🤖 AI Summary
This work addresses the significant performance degradation of existing retrieval-augmented generation (RAG) systems in multilingual multi-hop question answering, which stems from the lack of effective benchmarks and overreliance on English-centric semantic understanding. To bridge this gap, the authors introduce the first multilingual multi-hop QA benchmark and propose the DaPT framework, which concurrently generates sub-question graphs in both the source language and English, then integrates them through a bilingual retrieval and answer generation strategy to iteratively solve complex queries. By synergizing multilingual sub-question decomposition, bilingual retrieval-augmented generation, and cross-lingual semantic alignment, the method achieves an average 18.3% relative improvement in Exact Match (EM) score over strong baselines on benchmarks such as MuSiQue, yielding answers that are not only more accurate but also more concise.
📝 Abstract
Retrieval-augmented generation (RAG) systems have made significant progress in solving complex multi-hop question answering (QA) tasks in the English scenario. However, RAG systems inevitably face the application scenario of retrieving across multilingual corpora and queries, leaving several open challenges. The first one involves the absence of benchmarks that assess RAG systems' capabilities under the multilingual multi-hop (MM-hop) QA setting.

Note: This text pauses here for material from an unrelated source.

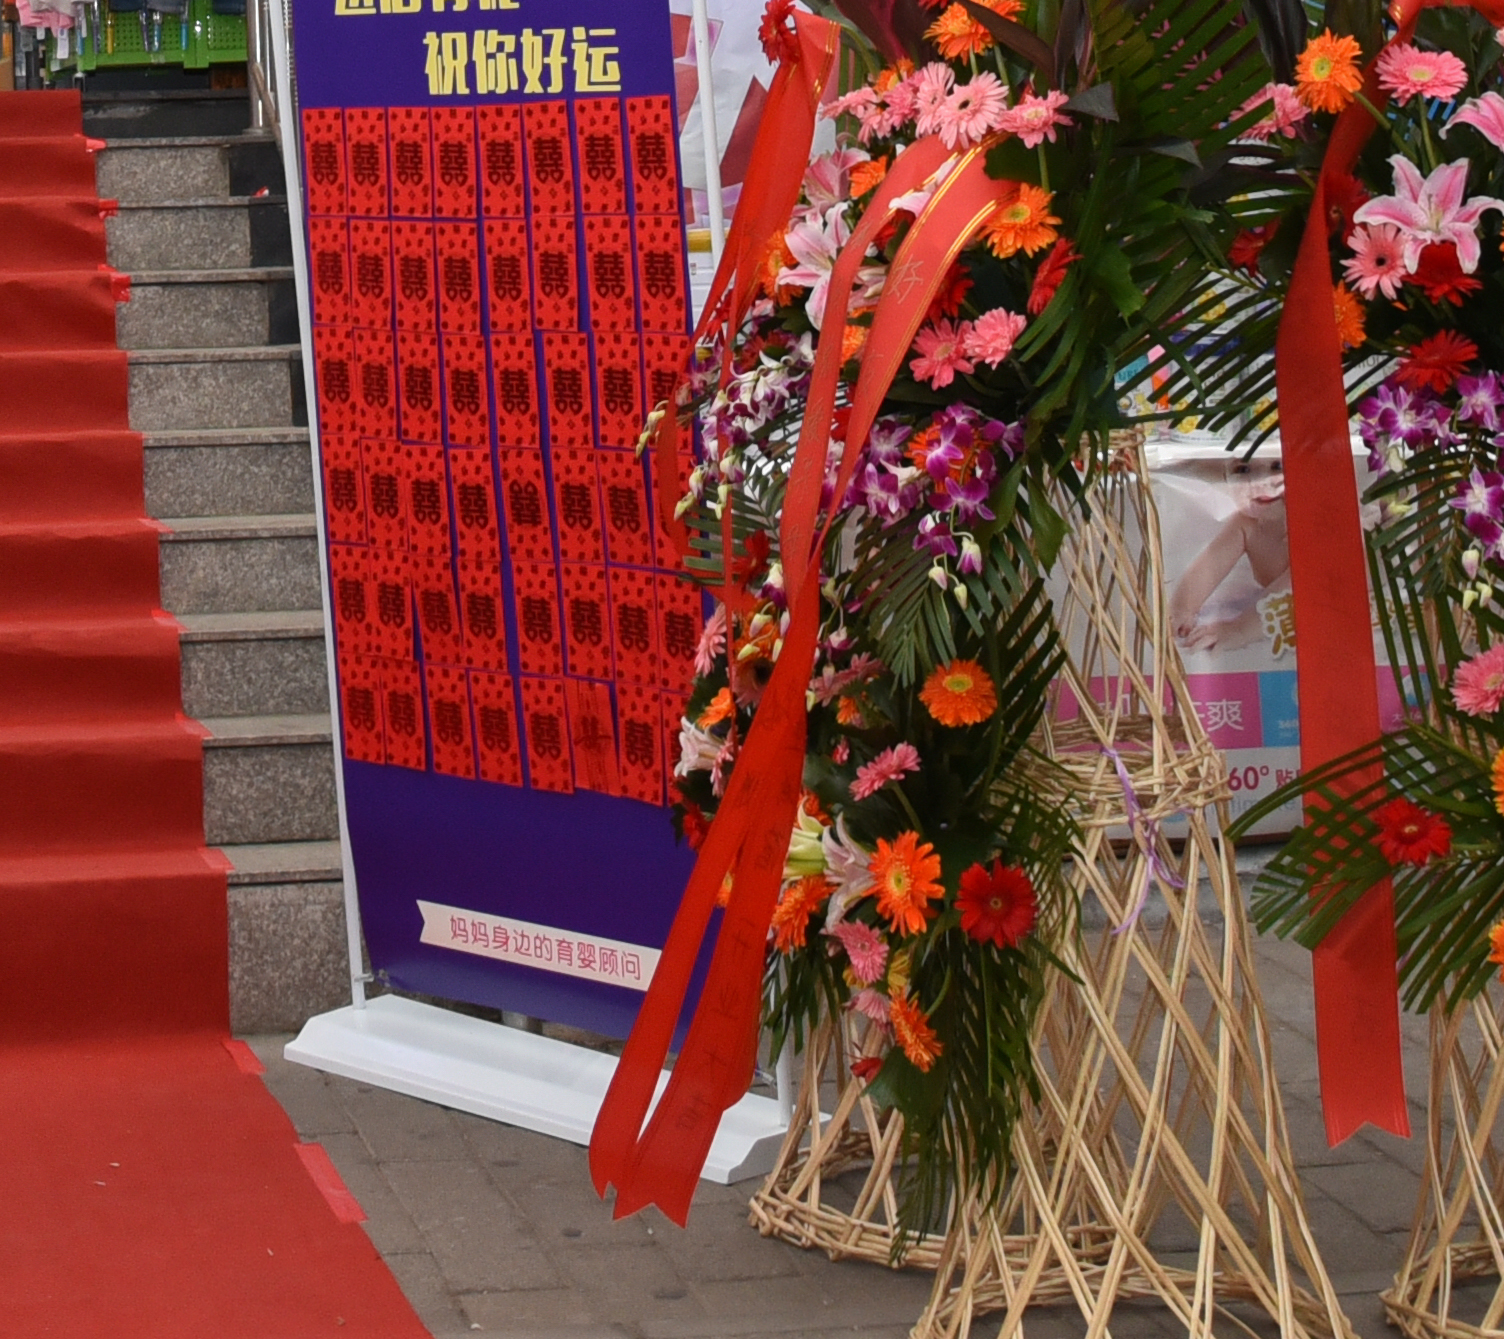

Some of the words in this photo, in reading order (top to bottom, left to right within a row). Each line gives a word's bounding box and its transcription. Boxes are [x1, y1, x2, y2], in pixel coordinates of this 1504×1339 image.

The second centers on the overreliance on LLMs' strong semantic understanding in English, which diminishes effectiveness in multilingual scenarios. To address these challenges, we first construct multilingual multi-hop QA benchmarks by translating English-only benchmarks into five languages, and then we propose DaPT, a novel multilingual RAG framework. DaPT generates sub-question graphs in parallel for both the source-language query and its English translation counterpart, then merges them before employing a bilingual retrieval-and-answer strategy to sequentially solve sub-questions. Our experimental results demonstrate that advanced RAG systems suffer from a significant performance imbalance in multilingual scenarios. Furthermore, our proposed method consistently yields more accurate and concise answers compared to the baselines, significantly enhancing RAG performance on this task. For instance, on the most challenging MuSiQue benchmark, DaPT achieves a relative improvement of 18.3\% in average EM score over the strongest baseline.